La defenestración de Pérez y el acorralamiento que se insinúa contra el gobierno de Caldera, ahora o después de finalizado su mandato, nos anuncian una nueva cosecha de odios de la que no queremos ser legatarios. Bien lo ha dicho Manuel Caballero: durante este siglo ganamos la paz y conquistamos la democracia, dos valores esenciales para cualquier país civilizado. Ahora queremos avanzar hacia nuevos espacios, nuevos territorios, nuevos escenarios, en lo que, aprovechando las conquistas que recibimos como legado, podamos ganar la batalla decisiva del desarrollo, validando al ciudadano, multiplicando los protagonistas, profundizando las raíces del sistema, garantizando una confiable y accesible administración de la justicia; logrando la inserción definitiva de Venezuela en la comunidad de las naciones más avanzadas. Y ello lo podremos alcanzar sólo si dejamos atrás la carga negativa del pasado.

Cuando comienza a apagarse el siglo XX, nos encontramos con un sistema político agotado, no en sus formas sino en su esencia democrática. Nuestros partidos han visto su capacidad de convocatoria mermada al no responder ellos suficientemente a las exigencias de una sociedad moderna o tener la flexibilidad necesaria para adaptarse a las nuevas realidades.

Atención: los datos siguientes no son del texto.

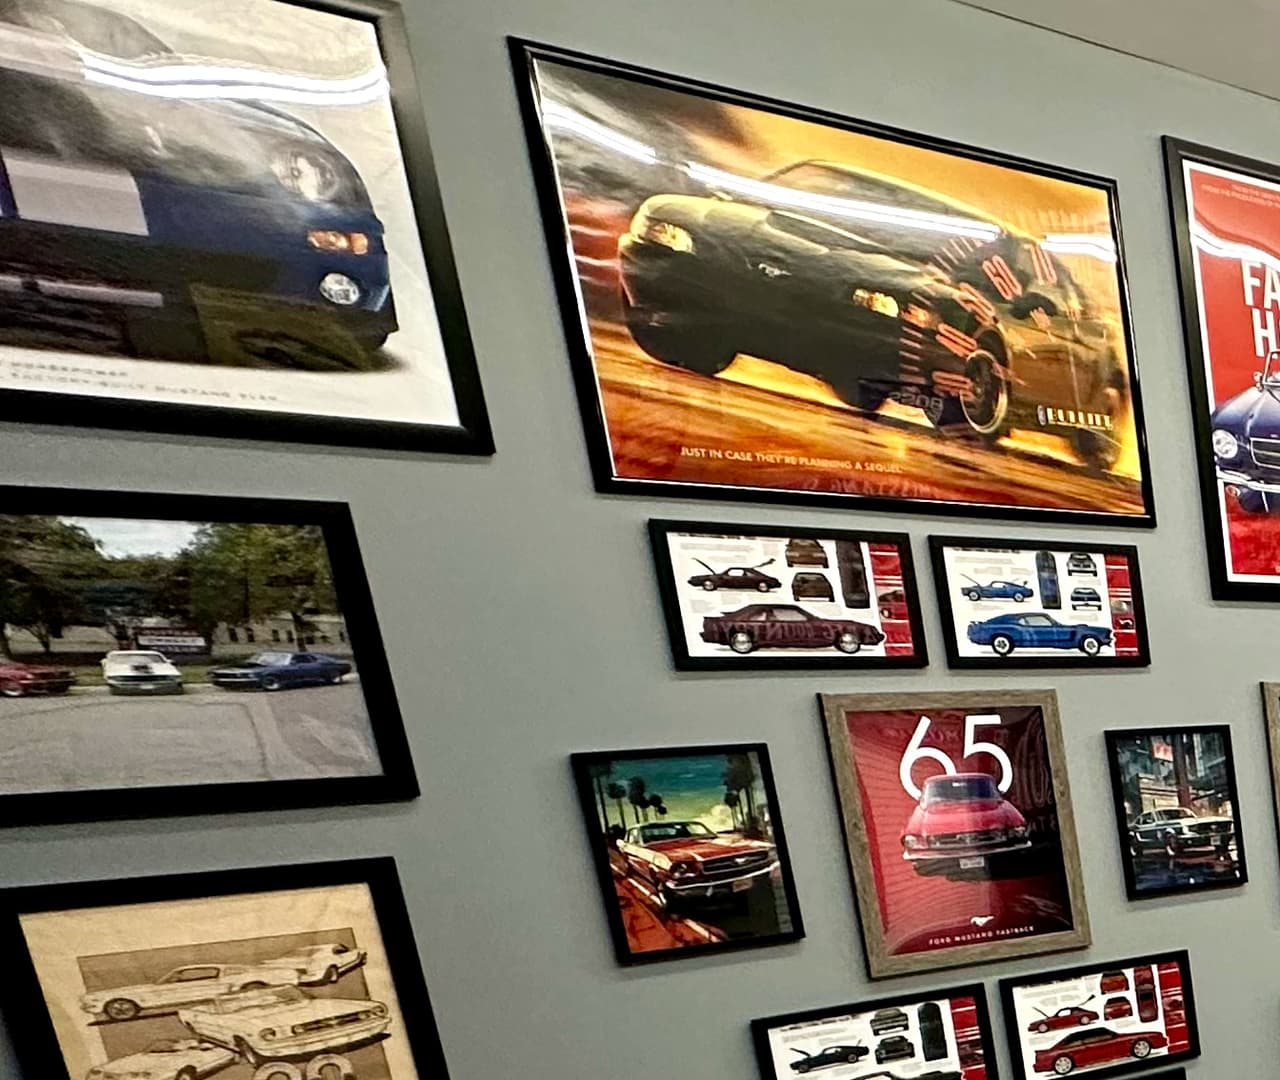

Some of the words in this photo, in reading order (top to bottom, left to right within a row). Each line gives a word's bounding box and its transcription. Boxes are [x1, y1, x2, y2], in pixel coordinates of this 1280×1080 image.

[681, 446, 706, 458] JUST
[709, 448, 723, 459] IN
[724, 450, 753, 461] CASE
[855, 461, 863, 470] A
[899, 714, 1013, 801] 65
[928, 937, 951, 946] FORD
[954, 931, 993, 942] MUSTANG

Por otra parte, los dos principales caudillos que sobreviven, Caldera y Pérez, no tienen solución de continuidad, al menos al estilo que imponía el país que se marcha. ¿Cómo llenar el vacío? ¿Cómo superar la fragmentación? ¿Cómo recoger las voluntades de ese ejército que quedará aún más disperso cuando ellos se hayan ido?

Ese es el reto que corresponde a nuestra generación, en un momento singularmente difícil cuando el mundo, empujado por la Revolución de las Comunicaciones, se mueve simultáneamente hacia la globalización y la descentralización, en medio del gigantesco vacío generado al finalizar la Guerra Fría y demanda una redefinición del rol del liderazgo y del Estado mismo.

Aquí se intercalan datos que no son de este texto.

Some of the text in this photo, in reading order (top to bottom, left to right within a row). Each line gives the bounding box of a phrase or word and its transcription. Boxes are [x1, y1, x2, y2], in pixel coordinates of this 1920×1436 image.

El reto de nuestra generación viene tarde, considerando a otras naciones del mundo, pero viene ahora. No podemos sino aceptarlo. No existe otra opción. Ese reto es nuestra única oportunidad y nos señala la tarea histórica que estamos obligados a realizar. Pero sólo triunfaremos si somos capaces de superar nuestro síndrome histórico, si dejando a un lado complacencias indebidas y el legado de odios y rencores acumulados, establecemos una plataforma capaz de unir a los venezolanos en torno a objetivos rodeados de grandeza.

El tiempo se ha agotado. Las aguas recrecidas se agolpan y amenazan con desbordar los diques que los ciegos siguen construyendo para contenerlas. Recordemos la prédica de Gandhi: "Tenemos que apurarnos porque el pueblo va adelante".


(*) Valencia es quizás el caso más patético de éste, nuestro síndrome histórico. Fue por tres veces capital de la República. En Valencia se reunió el Congreso de 1812 y el Congreso Constituyente de 1830. En sus sabanas se libró la batalla decisiva. Entre su gente se fraguó la conjura de la cual emergería Venezuela como patria independiente. Fue Valencia después escenario de momentos estelares de nuestra vida republicana y, con los años, la naturaleza de su gente y la apacible naturaleza circundante le fueron abriendo anchos espacios a la cultura. Valencia pudo haberse dado cualquier nombre. Pudo llamarse Ciudad Histórica o Ciudad Heroica. Pudo adoptar el nombre de Segunda Capital, o de Cuna de Venezuela; pudo ser la Ciudad de la Cultura o la Ciudad del Cabriales. Pero había olvidado su pasado y, al perder la perspectiva histórica, prefirió exaltar sólo la última de sus gestas y así quedó consagrada como Ciudad Industrial. Disonancias propias de una nación que perdió la hilación y el sentido fundamental y enaltecedor de su grandeza histórica. Tenemos que recobrarlo para toda Venezuela.